§ **WORK ITEM**: Write out every entry, unchanged. Skip any picture.
- Opening Delimiter -
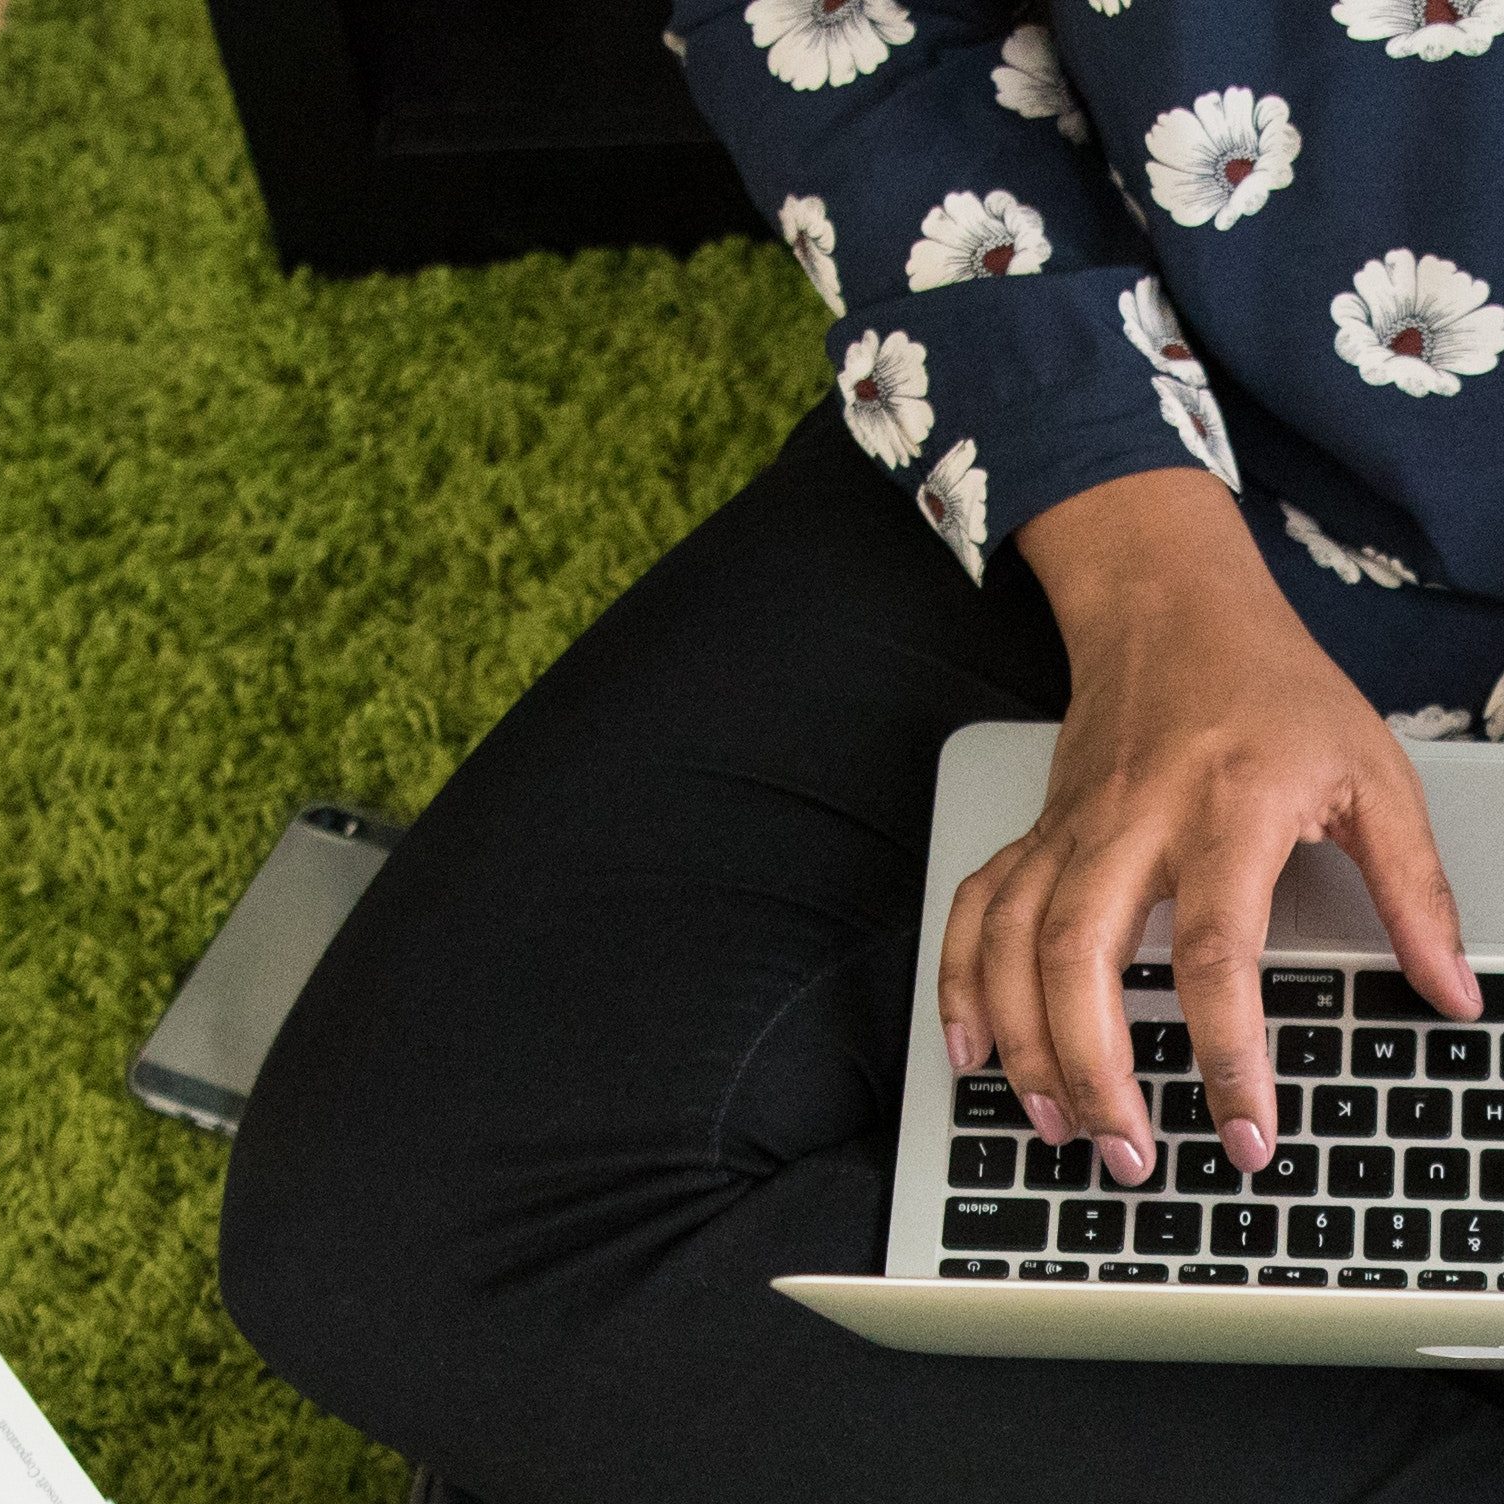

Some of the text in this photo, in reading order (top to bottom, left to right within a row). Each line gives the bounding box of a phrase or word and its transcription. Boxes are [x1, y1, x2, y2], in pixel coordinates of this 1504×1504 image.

[1270, 971, 1335, 984] command
[1373, 1042, 1394, 1059] M
[1449, 1043, 1466, 1060] N
[1337, 1100, 1352, 1117] K
[1485, 1104, 1502, 1121] H
[956, 1201, 998, 1215] delete
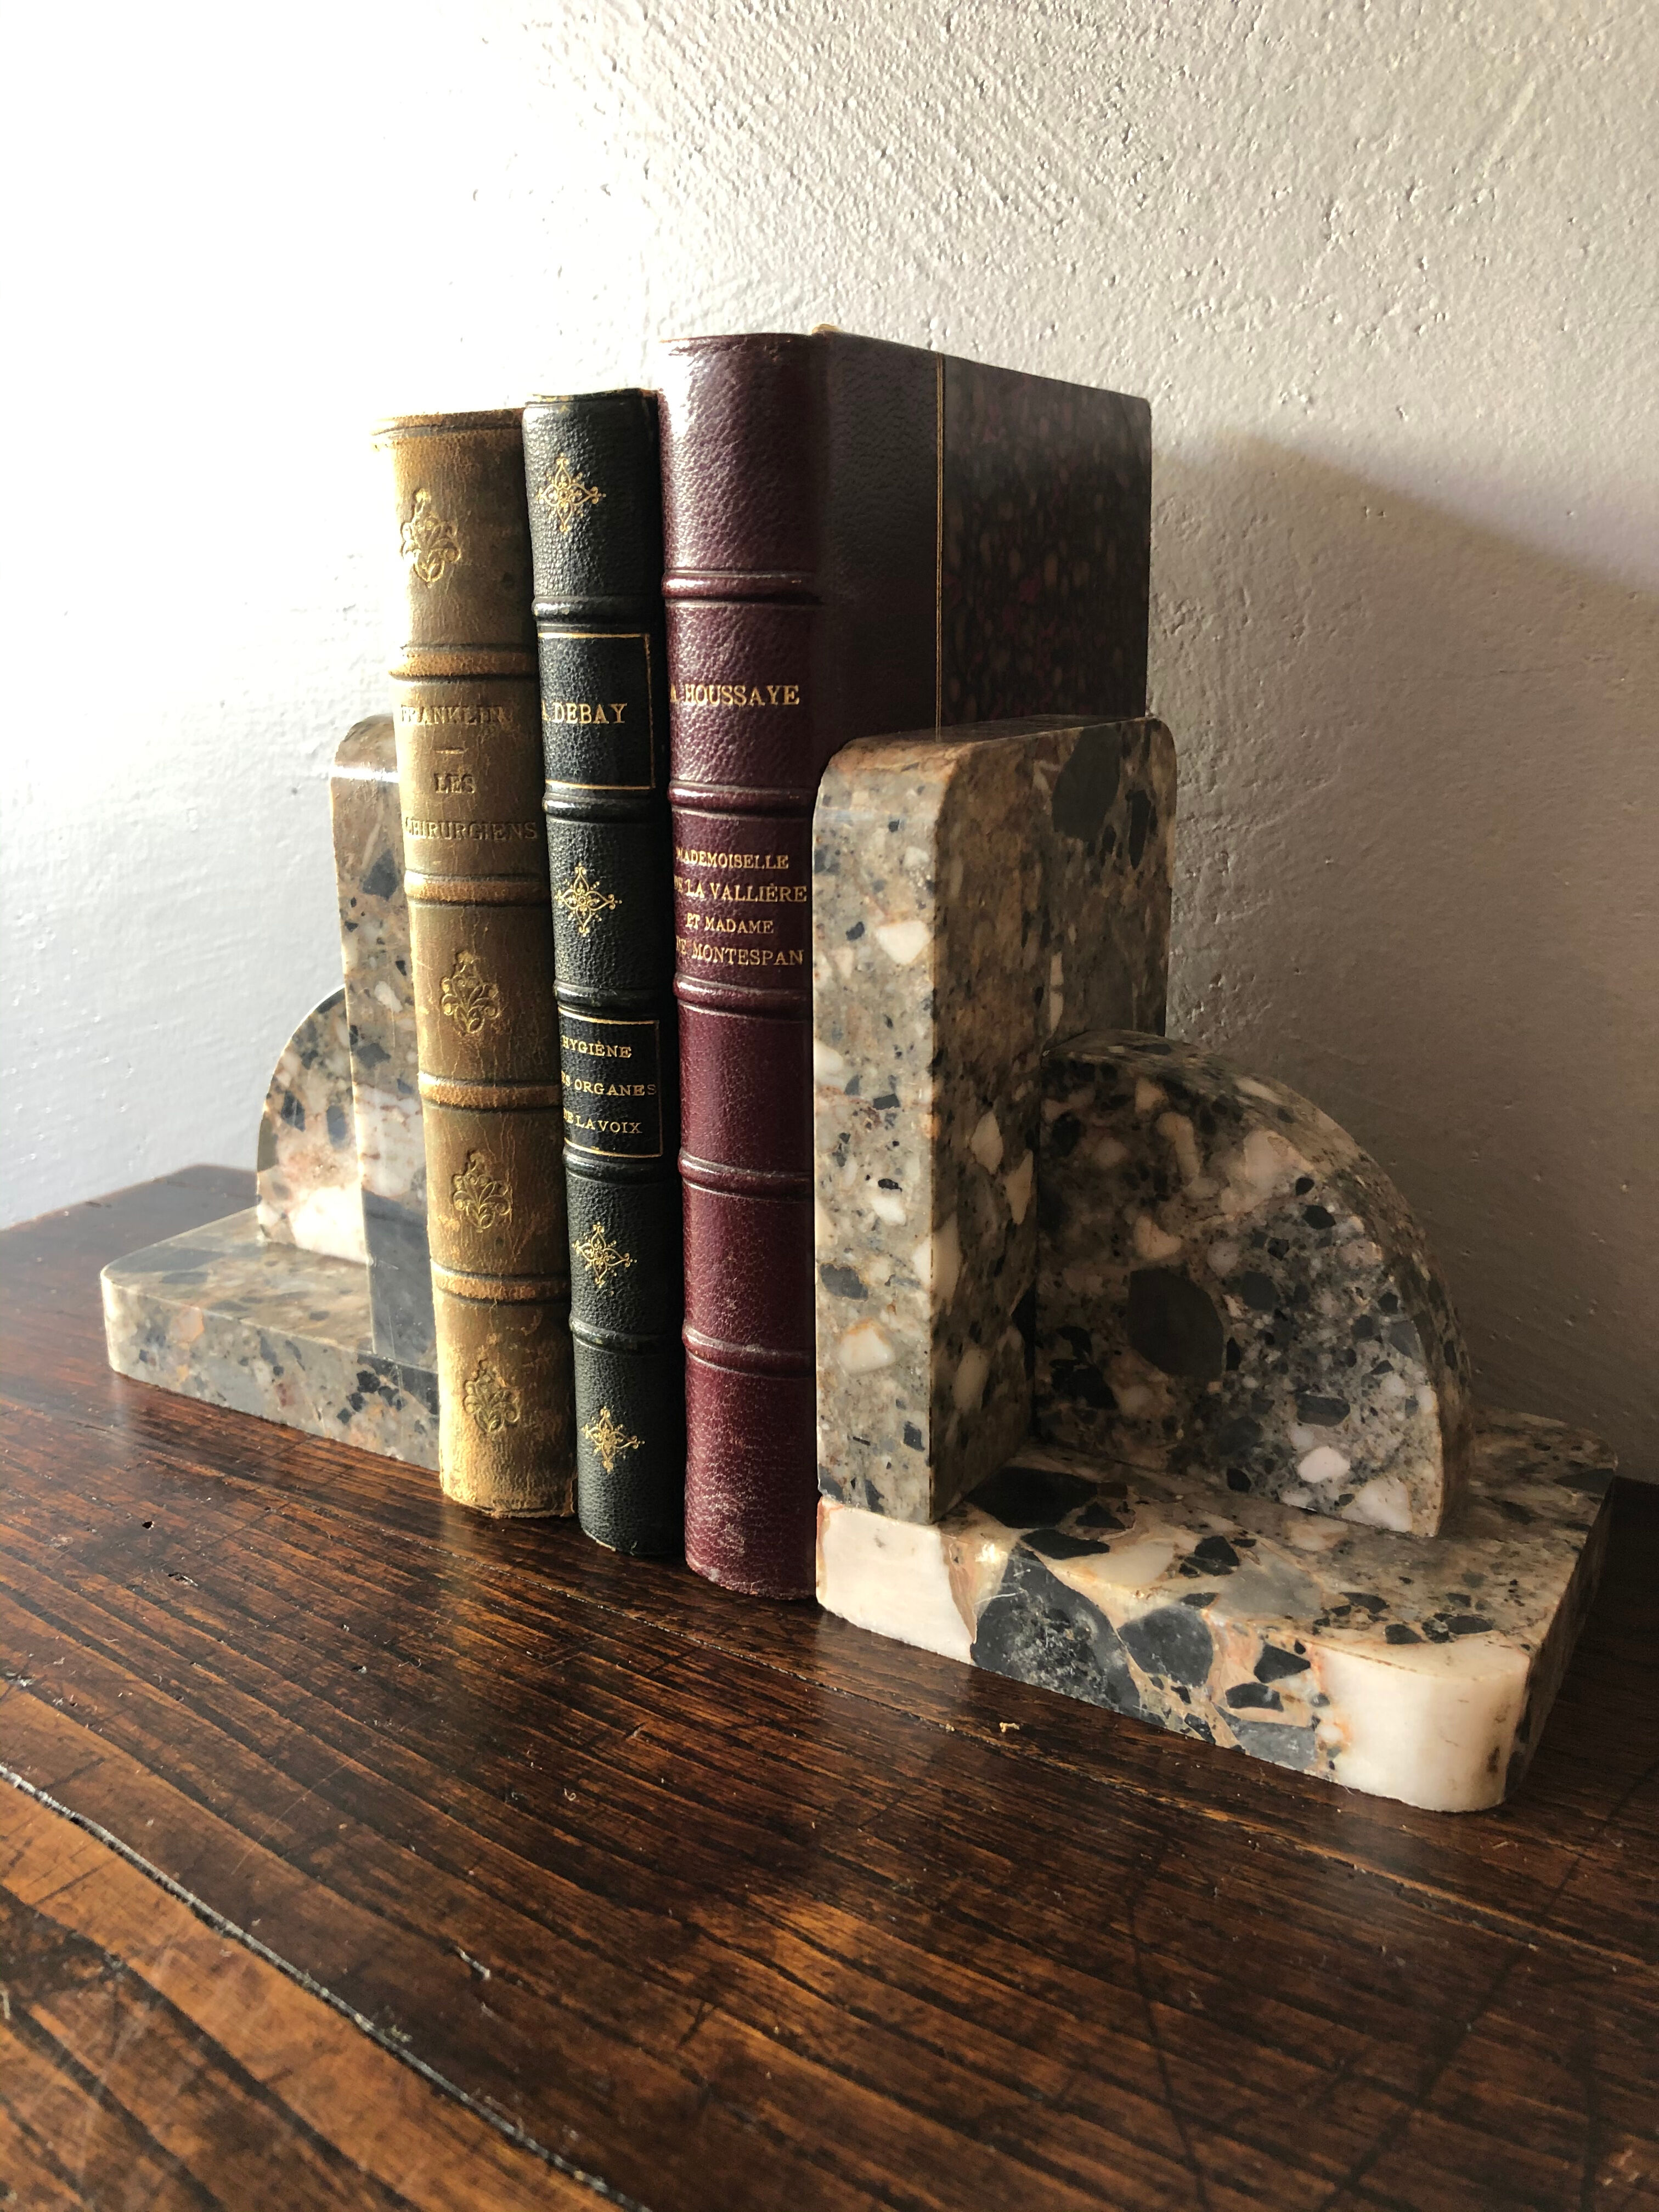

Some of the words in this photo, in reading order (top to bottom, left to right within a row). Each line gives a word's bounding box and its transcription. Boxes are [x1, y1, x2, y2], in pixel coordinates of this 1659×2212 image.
- Closing Delimiter -
§ **TASK OUTPUT**:
Some of the text in this photo, in reading order (top to bottom, left to right within a row). Each line gives the bounding box of a phrase or word and its transcription. Boxes are [x1, y1, x2, y2], in pixel coordinates of this 1504×1504 image.

[1270, 971, 1335, 984] command
[1373, 1042, 1394, 1059] M
[1449, 1043, 1466, 1060] N
[1337, 1100, 1352, 1117] K
[1485, 1104, 1502, 1121] H
[956, 1201, 998, 1215] delete

Some of the words in this photo, in reading order (top to bottom, left to right within a row). Each line gives a word's bounding box and its transcription. Boxes are [x1, y1, x2, y2], in pixel coordinates of this 1659×2212 image.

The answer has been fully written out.